Task input
*** Block opens ***
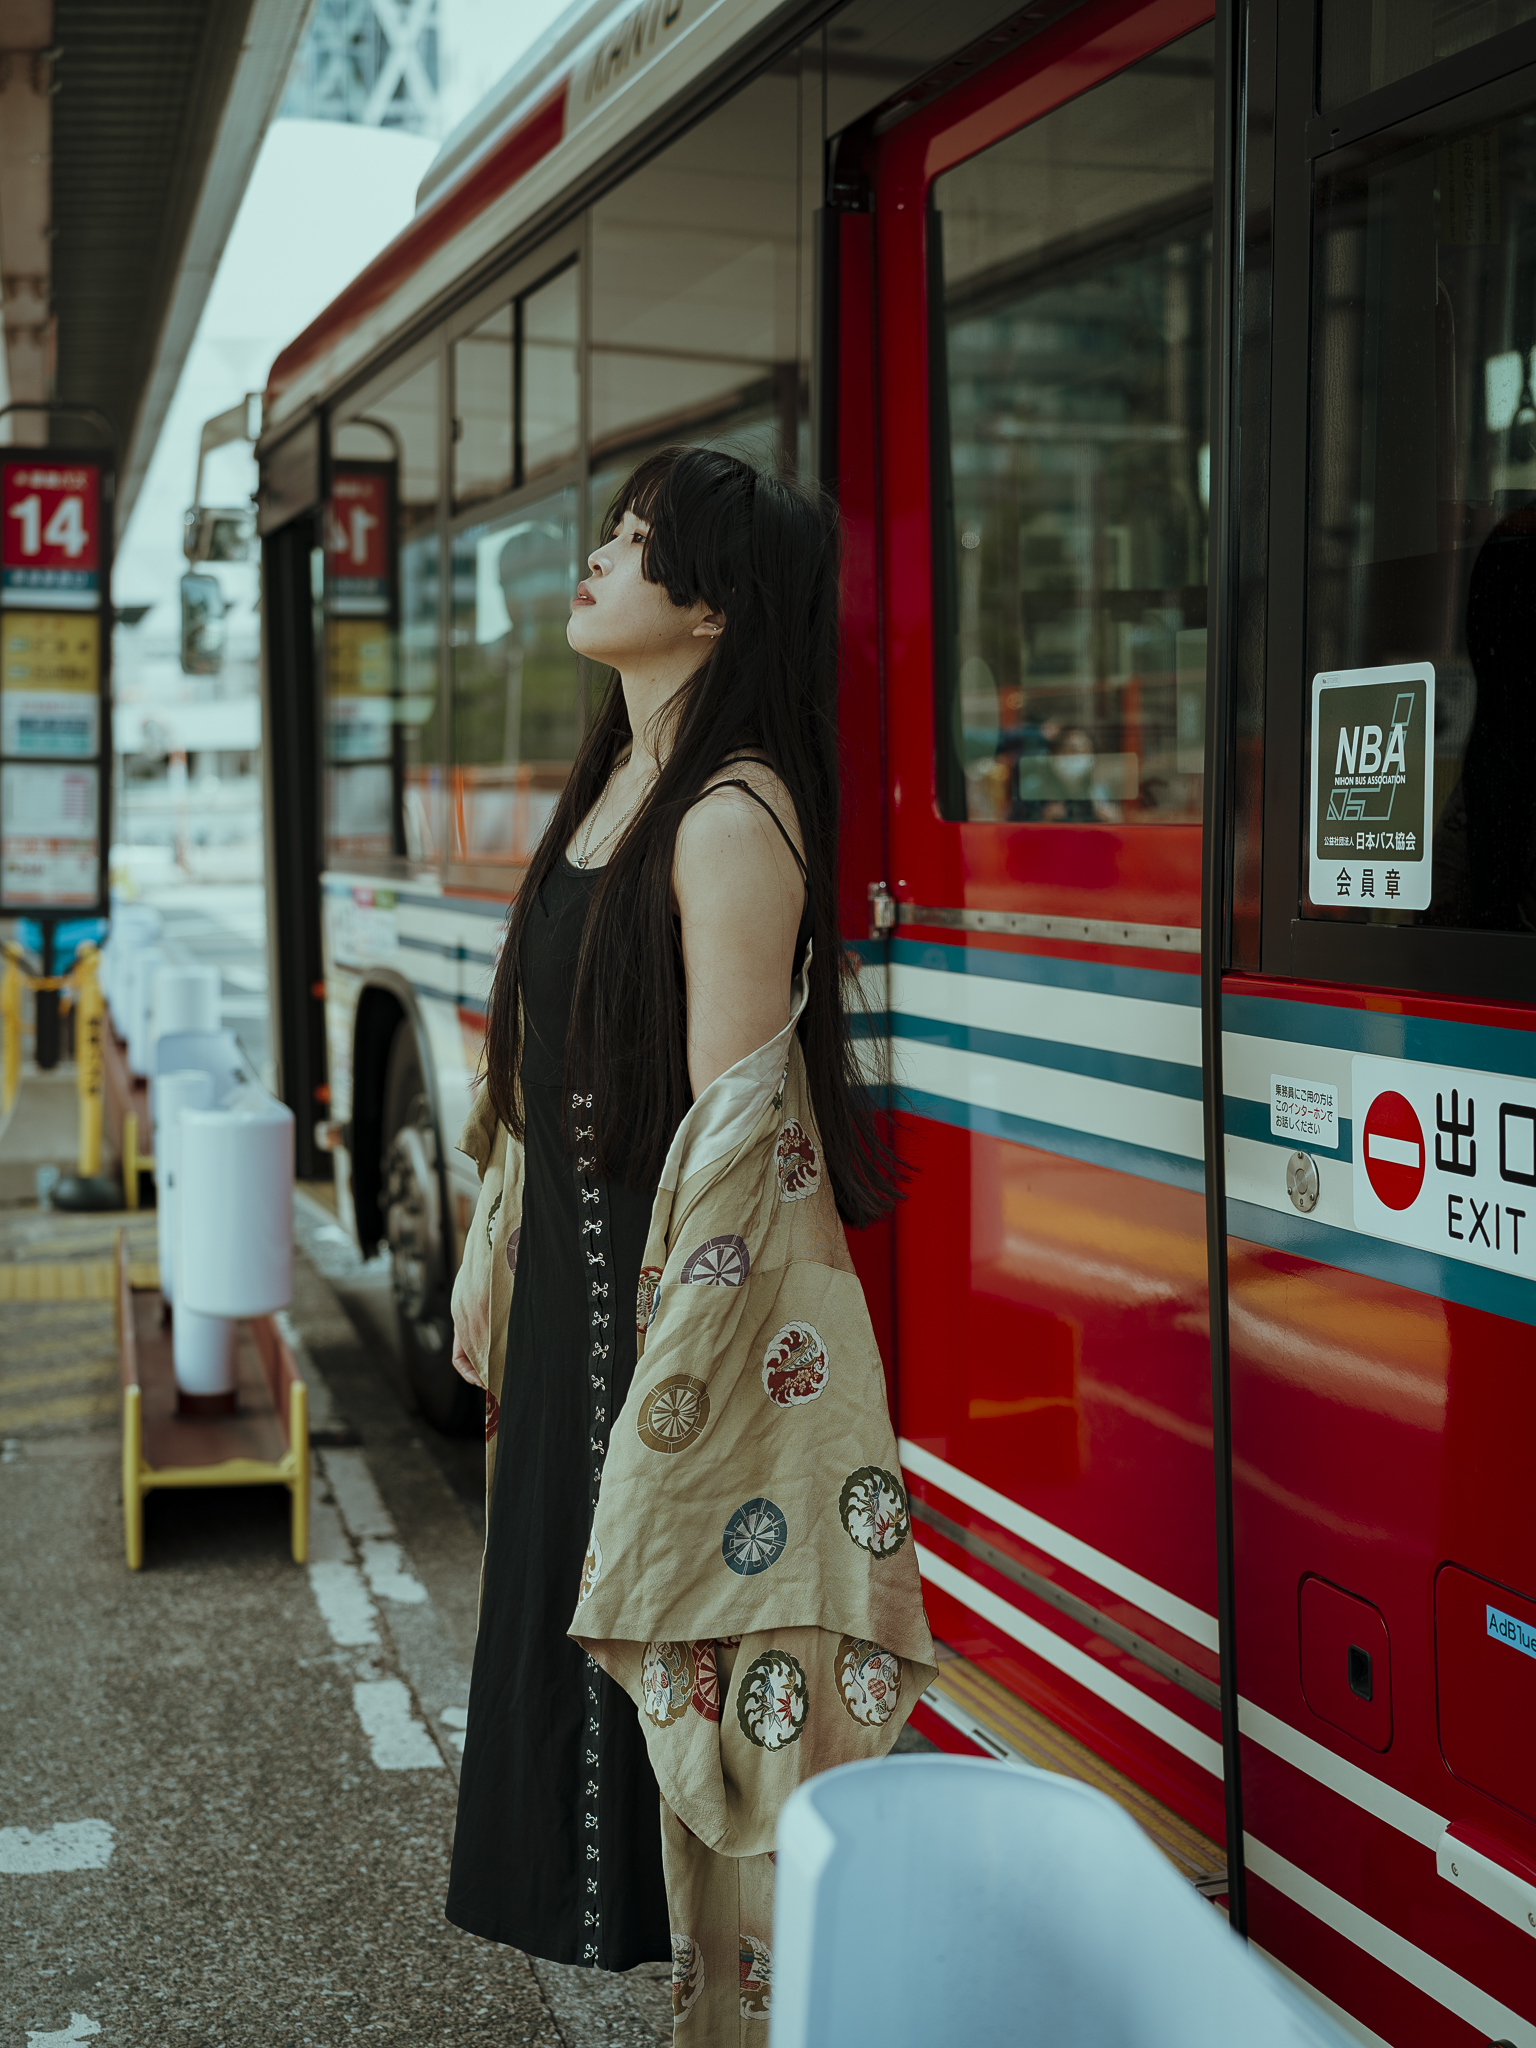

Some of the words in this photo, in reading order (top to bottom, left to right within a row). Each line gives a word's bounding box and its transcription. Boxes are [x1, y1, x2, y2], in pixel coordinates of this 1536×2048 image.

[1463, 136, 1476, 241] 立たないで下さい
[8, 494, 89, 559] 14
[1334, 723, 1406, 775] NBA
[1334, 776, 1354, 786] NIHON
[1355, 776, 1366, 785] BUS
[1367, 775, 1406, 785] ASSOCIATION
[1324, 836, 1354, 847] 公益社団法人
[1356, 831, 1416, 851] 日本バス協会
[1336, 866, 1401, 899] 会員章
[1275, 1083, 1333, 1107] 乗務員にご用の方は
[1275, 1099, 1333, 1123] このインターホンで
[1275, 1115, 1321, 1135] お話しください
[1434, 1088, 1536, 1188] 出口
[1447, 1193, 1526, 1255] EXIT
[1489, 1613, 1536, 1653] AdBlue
*** Block closes ***
Activity
Copy each line of the material above exactly, but not the images.

Response area
Some of the words in this photo, in reading order (top to bottom, left to right within a row). Each line gives a word's bounding box and its transcription. Boxes are [x1, y1, x2, y2], in pixel coordinates of this 1536×2048 image.

[1463, 136, 1476, 241] 立たないで下さい
[8, 494, 89, 559] 14
[1334, 723, 1406, 775] NBA
[1334, 776, 1354, 786] NIHON
[1355, 776, 1366, 785] BUS
[1367, 775, 1406, 785] ASSOCIATION
[1324, 836, 1354, 847] 公益社団法人
[1356, 831, 1416, 851] 日本バス協会
[1336, 866, 1401, 899] 会員章
[1275, 1083, 1333, 1107] 乗務員にご用の方は
[1275, 1099, 1333, 1123] このインターホンで
[1275, 1115, 1321, 1135] お話しください
[1434, 1088, 1536, 1188] 出口
[1447, 1193, 1526, 1255] EXIT
[1489, 1613, 1536, 1653] AdBlue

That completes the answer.